Aim of the task »
Each entry should be transcribed exactly as written, and any picture left out.

Stored data section start

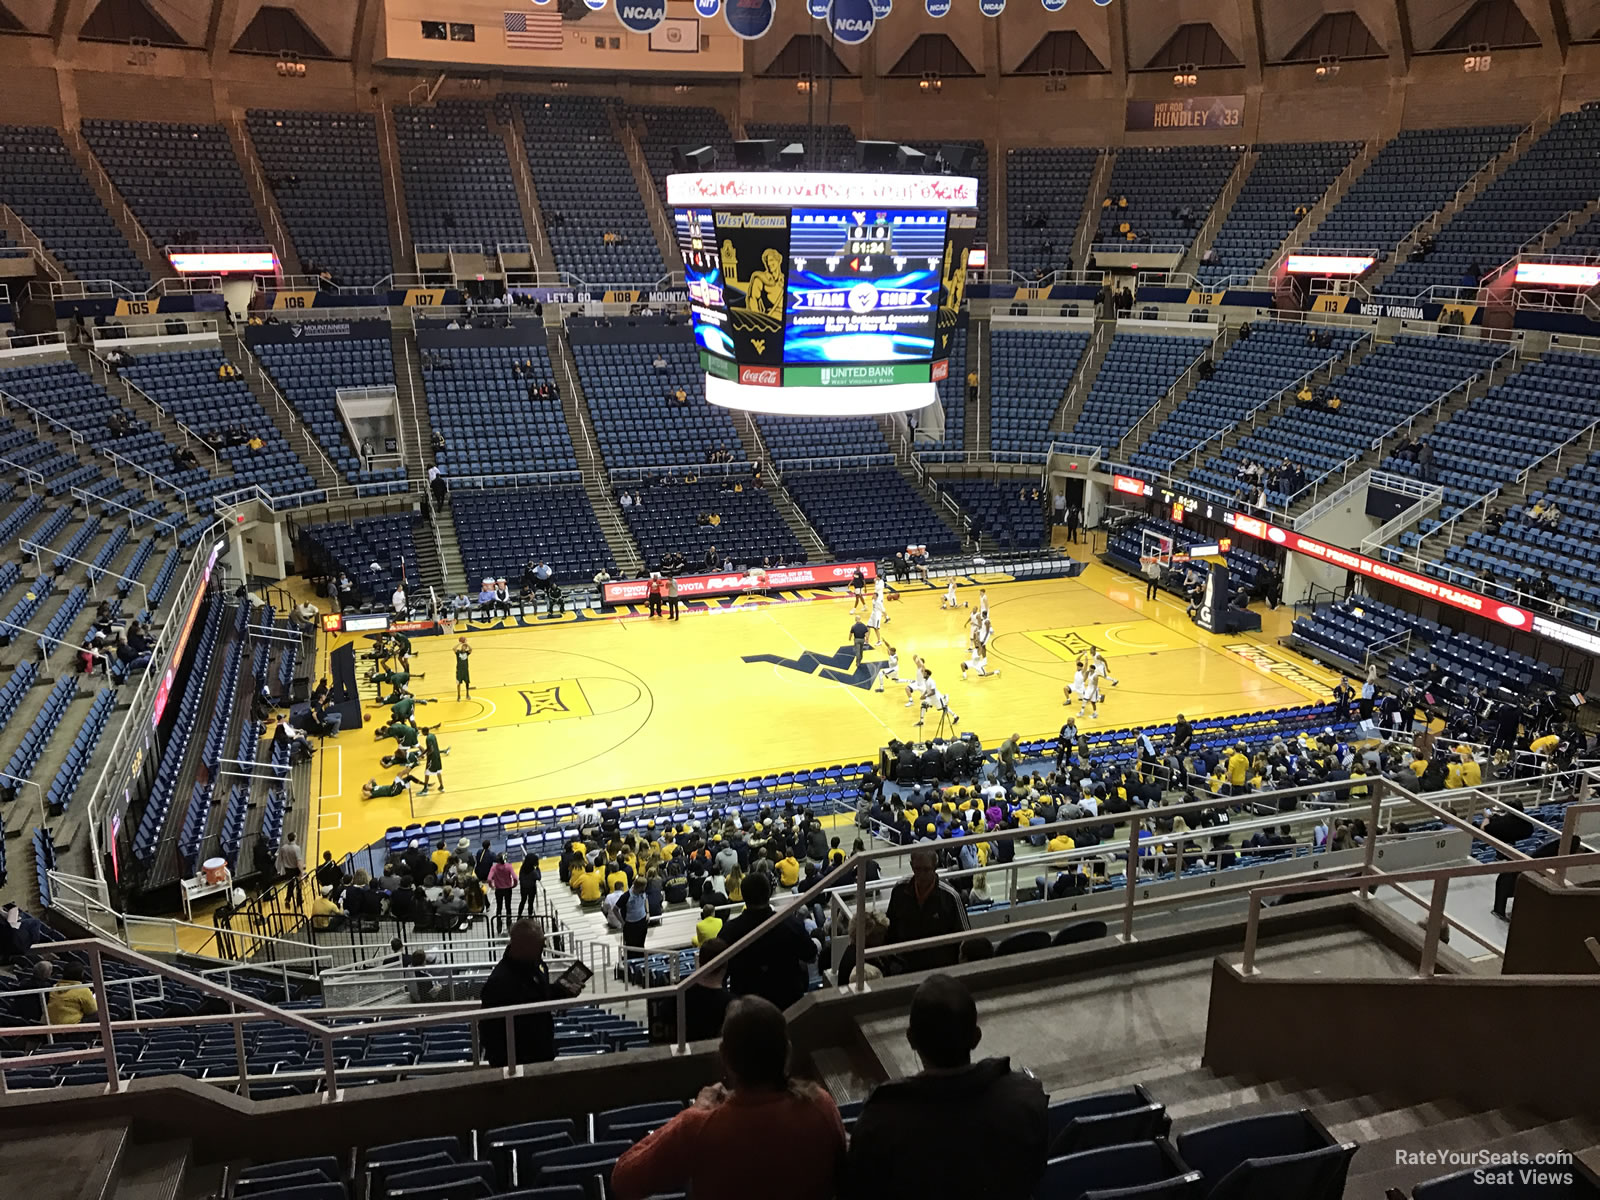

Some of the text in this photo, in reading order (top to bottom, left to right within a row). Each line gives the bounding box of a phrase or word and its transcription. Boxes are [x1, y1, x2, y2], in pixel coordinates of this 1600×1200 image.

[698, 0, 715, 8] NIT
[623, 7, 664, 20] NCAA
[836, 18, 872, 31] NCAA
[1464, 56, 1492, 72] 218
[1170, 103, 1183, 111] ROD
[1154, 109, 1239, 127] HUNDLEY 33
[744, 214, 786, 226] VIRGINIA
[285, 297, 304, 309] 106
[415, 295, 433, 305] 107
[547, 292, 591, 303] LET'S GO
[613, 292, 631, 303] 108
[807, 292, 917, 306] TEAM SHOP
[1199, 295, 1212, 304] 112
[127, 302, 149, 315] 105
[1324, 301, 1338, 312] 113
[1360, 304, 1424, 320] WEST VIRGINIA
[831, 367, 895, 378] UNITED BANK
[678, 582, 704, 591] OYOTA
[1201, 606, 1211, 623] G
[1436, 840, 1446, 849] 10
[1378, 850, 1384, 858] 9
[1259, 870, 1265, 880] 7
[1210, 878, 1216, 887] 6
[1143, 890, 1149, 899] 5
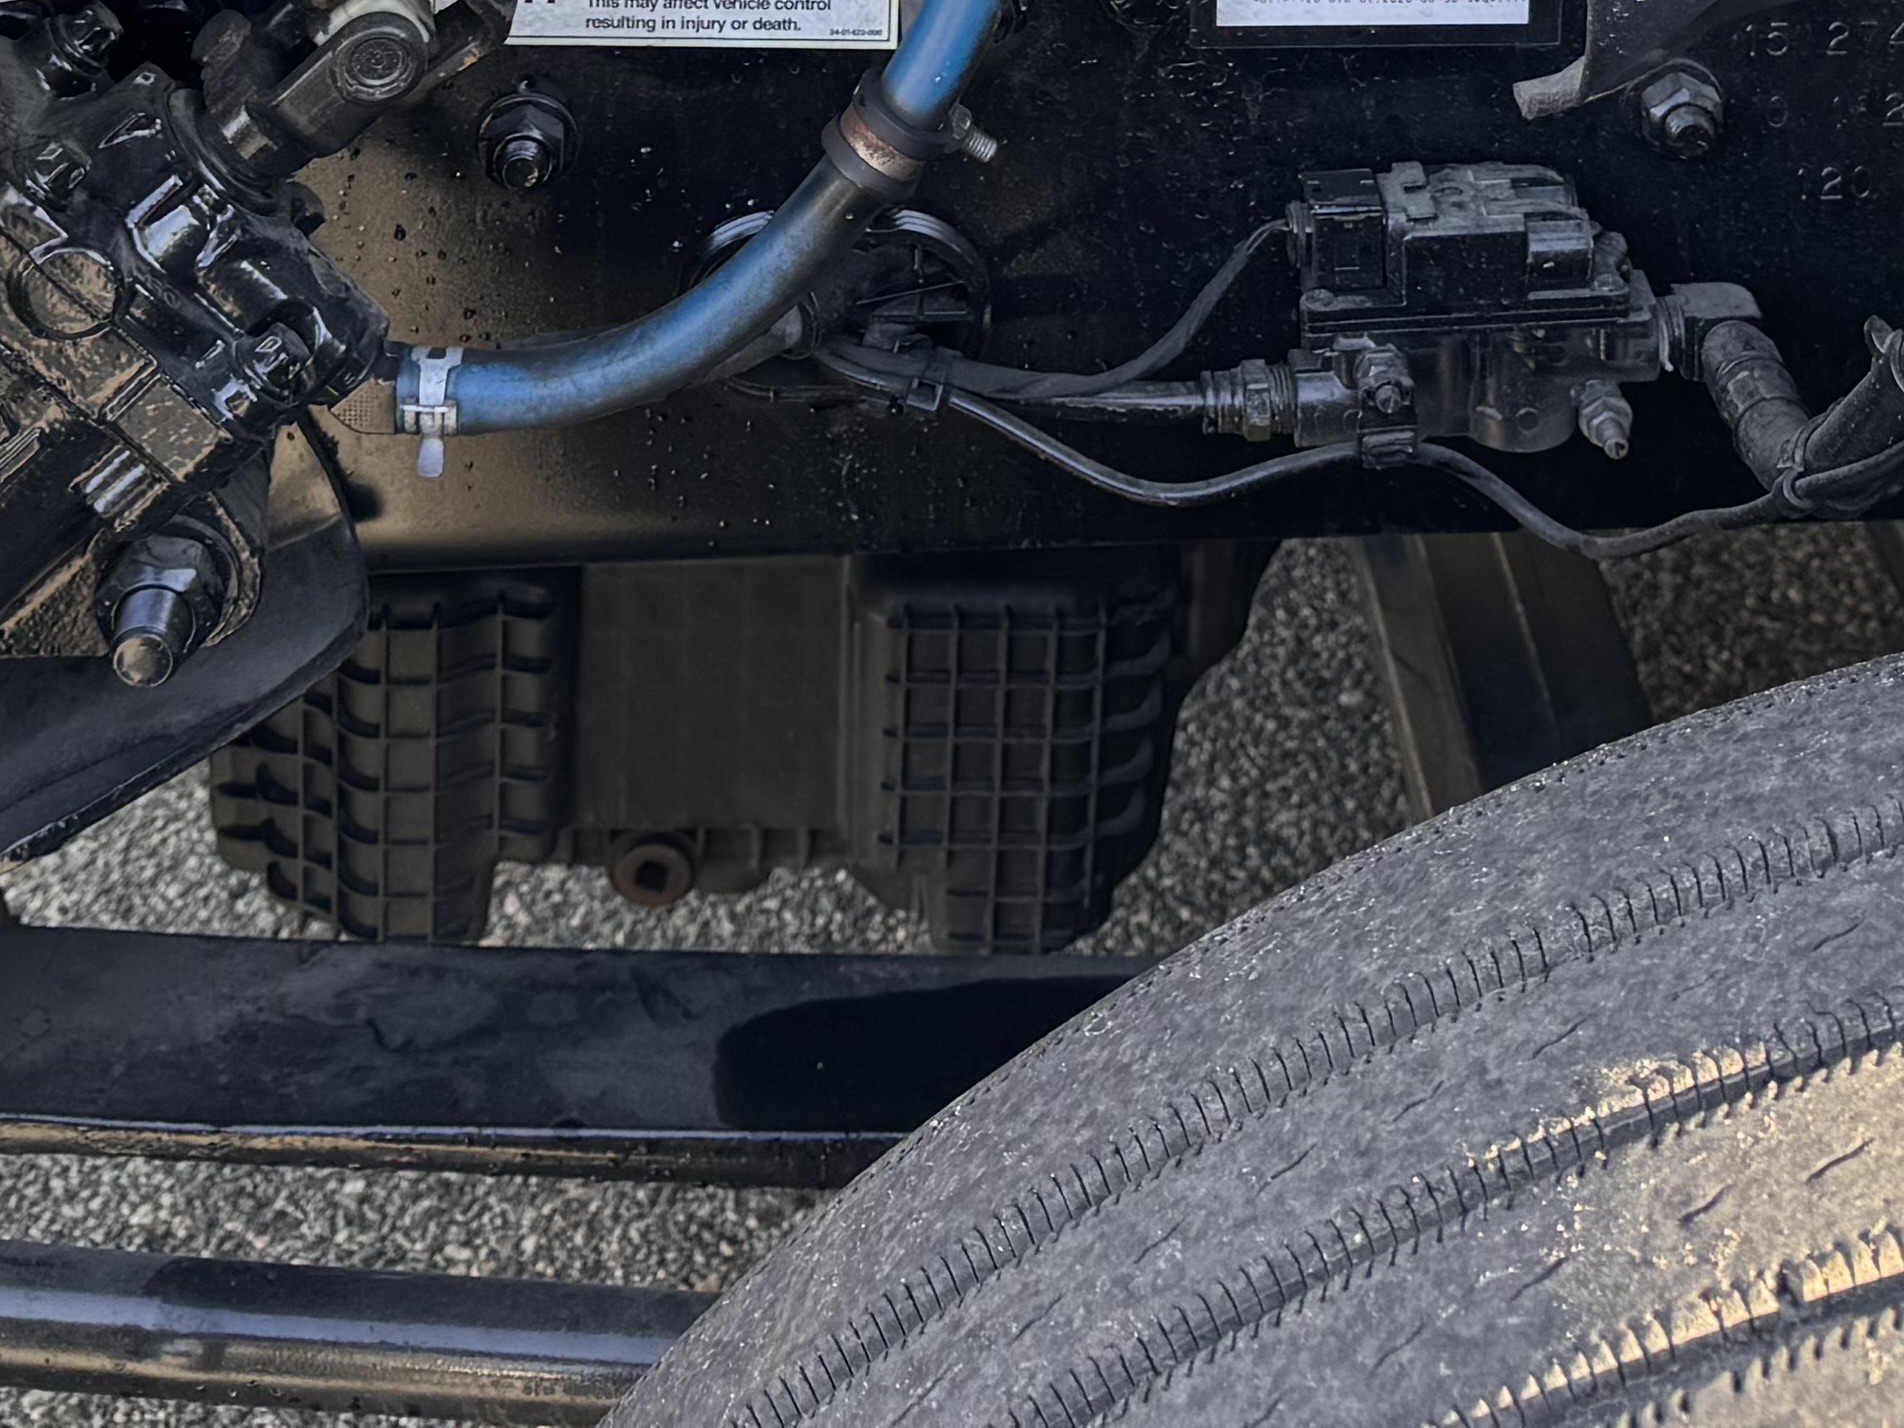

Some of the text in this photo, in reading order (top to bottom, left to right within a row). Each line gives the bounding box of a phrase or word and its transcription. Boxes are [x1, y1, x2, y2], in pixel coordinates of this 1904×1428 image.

Stored data section end

Output »
Some of the text in this photo, in reading order (top to bottom, left to right within a row). Each line gives the bounding box of a phrase or word and its transcription. Boxes are [x1, y1, x2, y2], in pixel coordinates of this 1600×1200 image.

[698, 0, 715, 8] NIT
[623, 7, 664, 20] NCAA
[836, 18, 872, 31] NCAA
[1464, 56, 1492, 72] 218
[1170, 103, 1183, 111] ROD
[1154, 109, 1239, 127] HUNDLEY 33
[744, 214, 786, 226] VIRGINIA
[285, 297, 304, 309] 106
[415, 295, 433, 305] 107
[547, 292, 591, 303] LET'S GO
[613, 292, 631, 303] 108
[807, 292, 917, 306] TEAM SHOP
[1199, 295, 1212, 304] 112
[127, 302, 149, 315] 105
[1324, 301, 1338, 312] 113
[1360, 304, 1424, 320] WEST VIRGINIA
[831, 367, 895, 378] UNITED BANK
[678, 582, 704, 591] OYOTA
[1201, 606, 1211, 623] G
[1436, 840, 1446, 849] 10
[1378, 850, 1384, 858] 9
[1259, 870, 1265, 880] 7
[1210, 878, 1216, 887] 6
[1143, 890, 1149, 899] 5

Some of the text in this photo, in reading order (top to bottom, left to right within a row). Each line gives the bounding box of a phrase or word and its transcription. Boxes are [x1, y1, x2, y2], in pixel coordinates of this 1904×1428 image.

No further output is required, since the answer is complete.